══ Extracted material
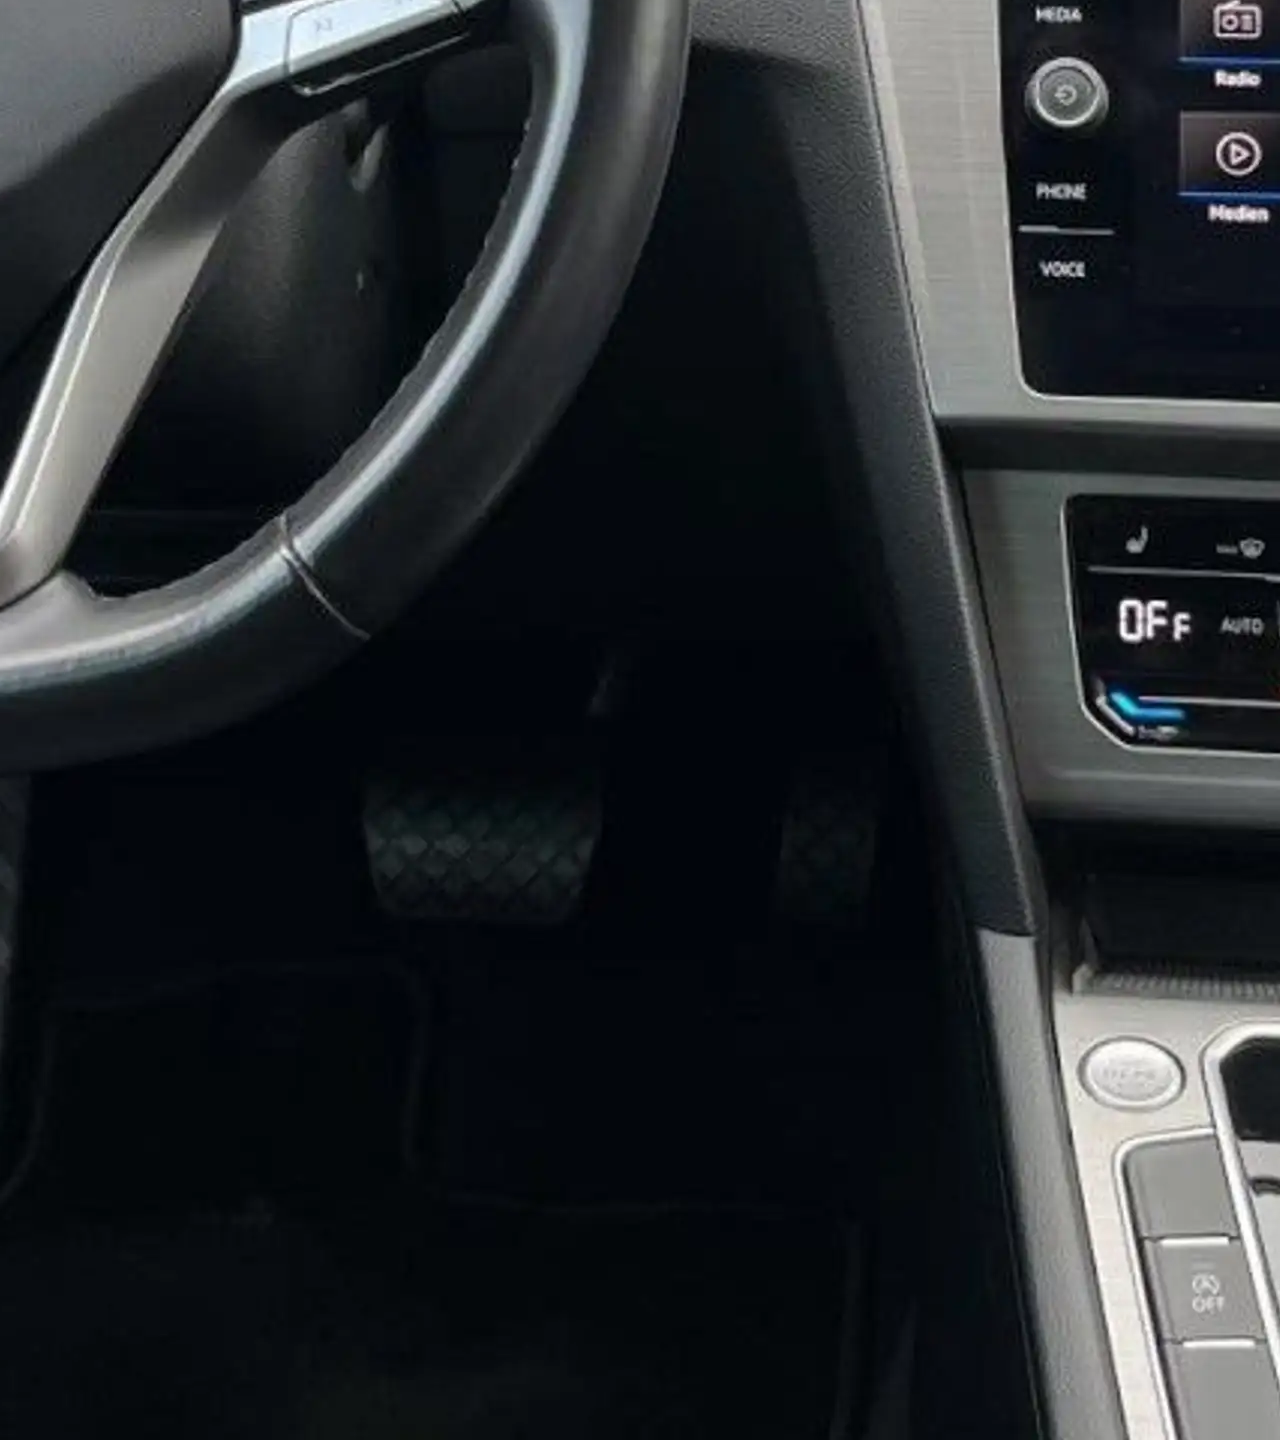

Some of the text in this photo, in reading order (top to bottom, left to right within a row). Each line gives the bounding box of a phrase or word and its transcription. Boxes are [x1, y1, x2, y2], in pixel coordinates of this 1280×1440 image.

[1035, 6, 1083, 23] MEDIA
[1214, 69, 1262, 87] Radio
[1036, 182, 1088, 200] PHONE
[1208, 205, 1270, 224] Medien
[1039, 261, 1086, 278] VOICE
[1221, 616, 1266, 635] AUTO
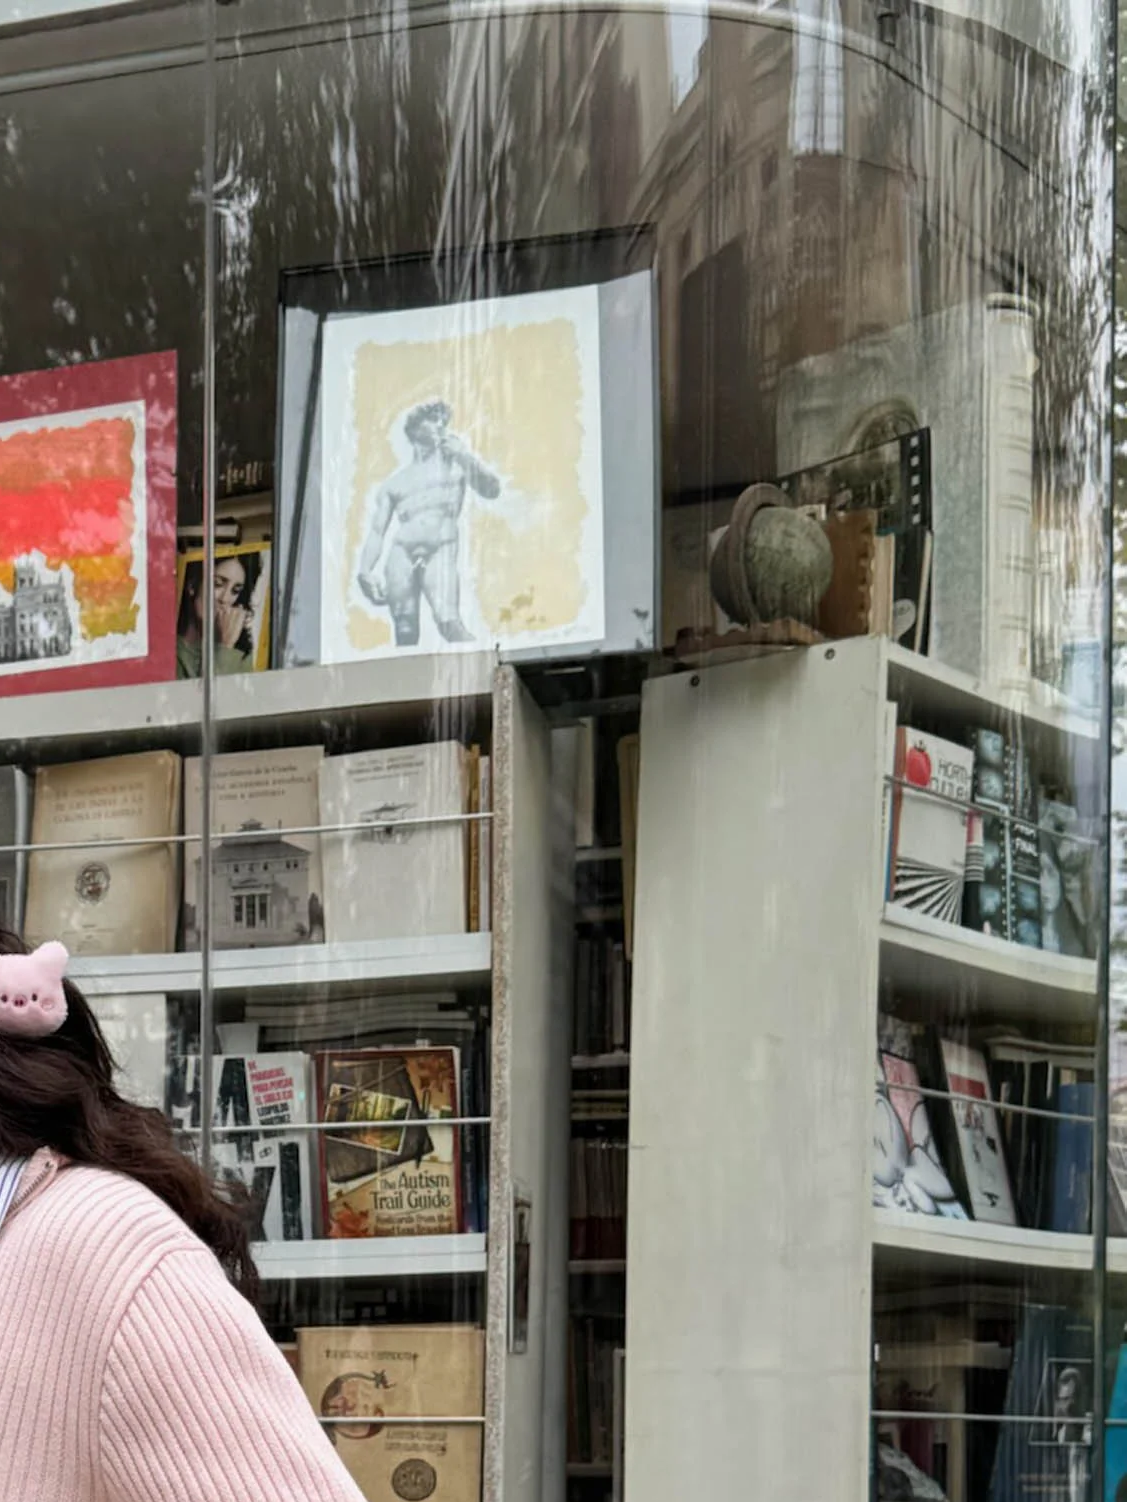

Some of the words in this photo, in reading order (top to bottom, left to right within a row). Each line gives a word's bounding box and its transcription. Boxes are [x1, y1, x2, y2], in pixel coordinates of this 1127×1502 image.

[398, 1170, 450, 1189] Autism
[370, 1190, 404, 1210] Trail
[407, 1189, 451, 1209] Guide
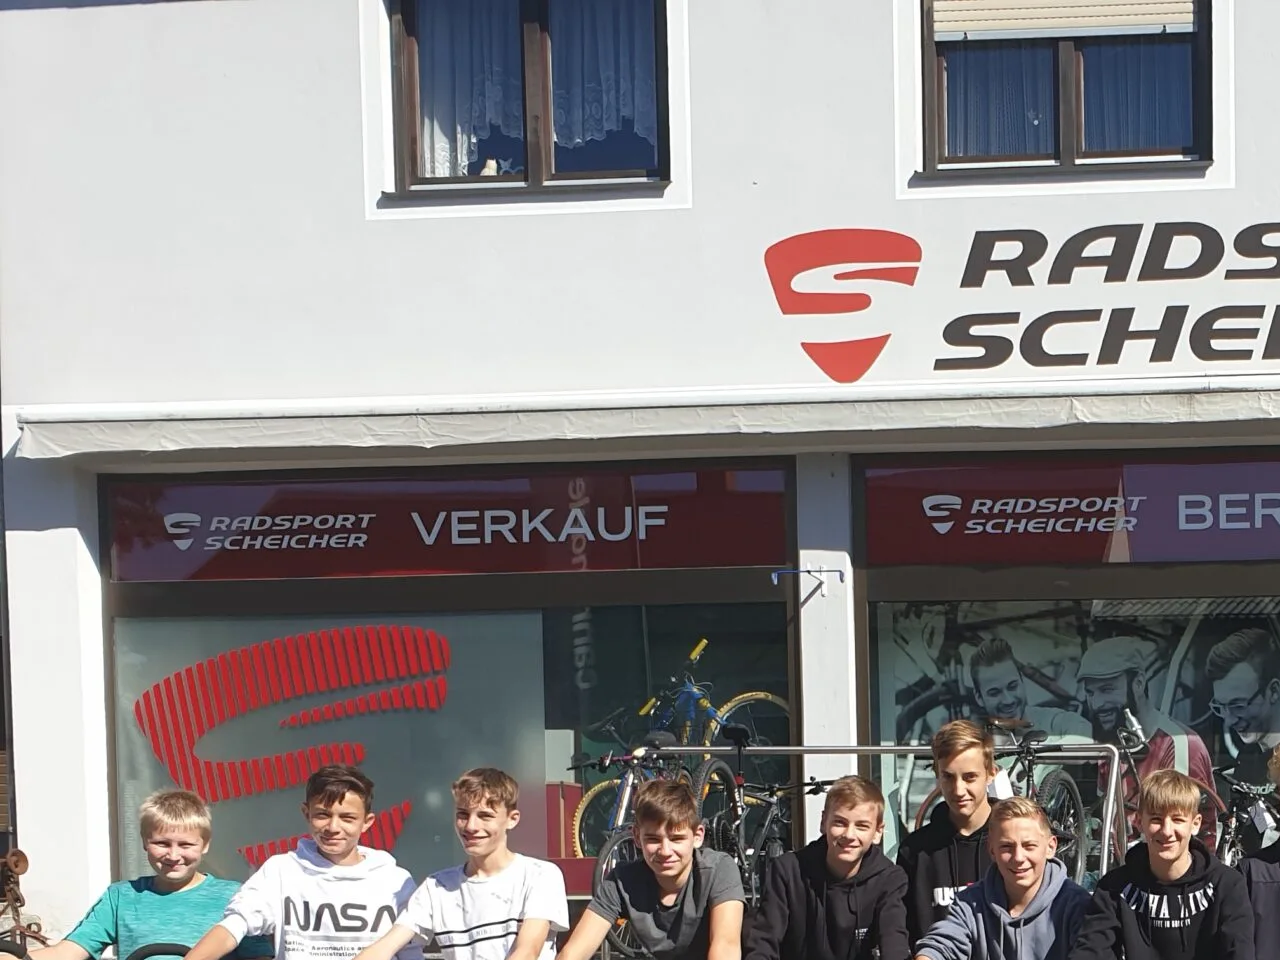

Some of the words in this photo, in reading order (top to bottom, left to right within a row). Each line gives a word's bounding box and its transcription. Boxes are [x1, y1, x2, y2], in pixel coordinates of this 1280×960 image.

[970, 496, 1147, 515] RADSPORT
[210, 513, 376, 531] RADSPORT
[411, 505, 669, 546] VERKAUF
[964, 517, 1138, 534] SCHEICHER
[204, 533, 369, 551] SCHEICHER
[284, 896, 398, 933] NASA
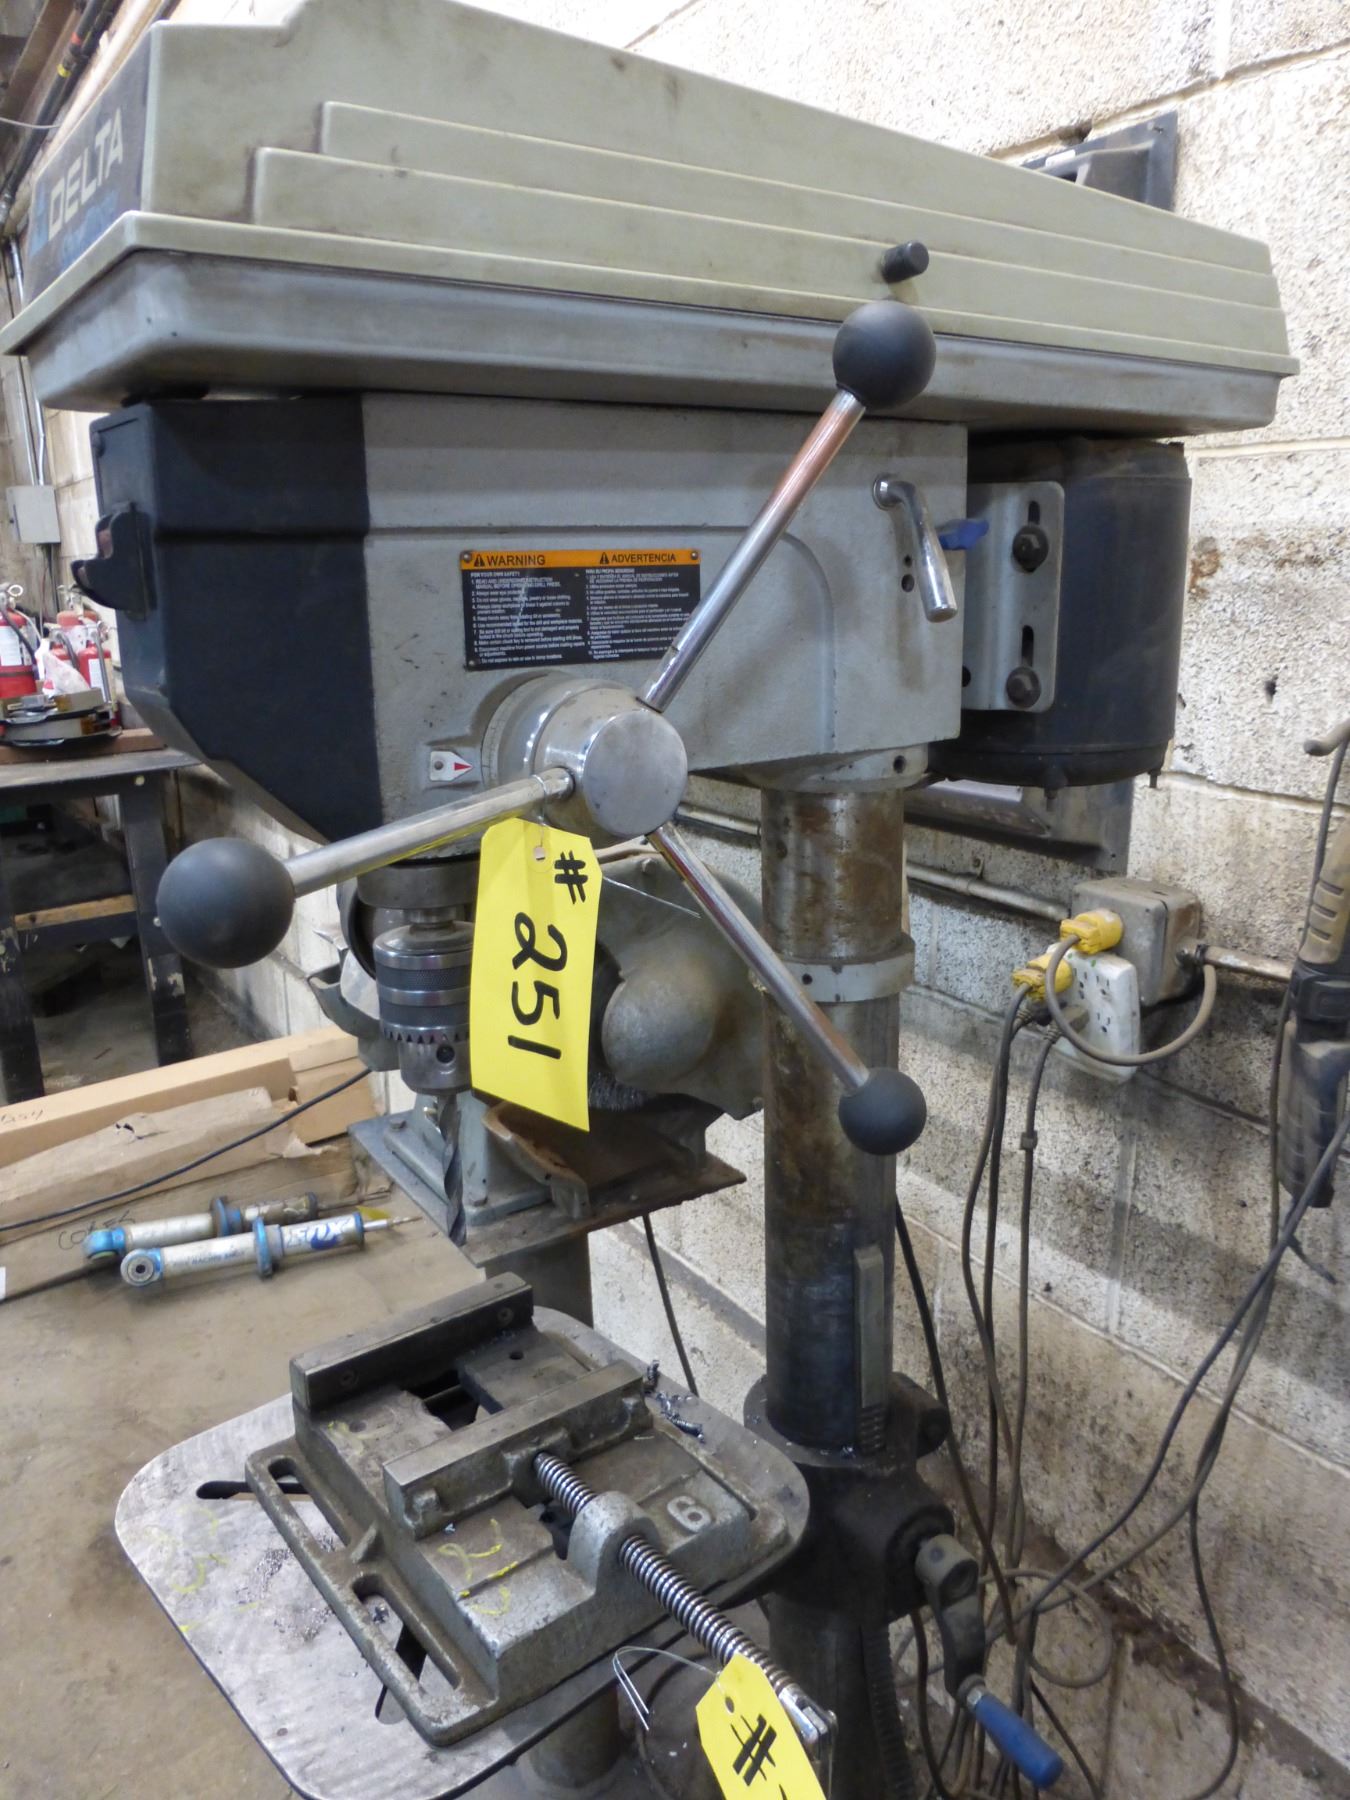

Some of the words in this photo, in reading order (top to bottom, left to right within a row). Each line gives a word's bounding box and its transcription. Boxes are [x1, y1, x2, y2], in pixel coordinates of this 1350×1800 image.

[48, 107, 123, 241] DELTA
[487, 554, 546, 566] WARNING
[611, 552, 677, 564] ADVERTENCIA
════
Your task. Reproduce the records above exactly, starting with the line that contains "this 1350×1800 image." and ending with the last line.

Solution below.
Some of the words in this photo, in reading order (top to bottom, left to right within a row). Each line gives a word's bounding box and its transcription. Boxes are [x1, y1, x2, y2], in pixel coordinates of this 1350×1800 image.

[48, 107, 123, 241] DELTA
[487, 554, 546, 566] WARNING
[611, 552, 677, 564] ADVERTENCIA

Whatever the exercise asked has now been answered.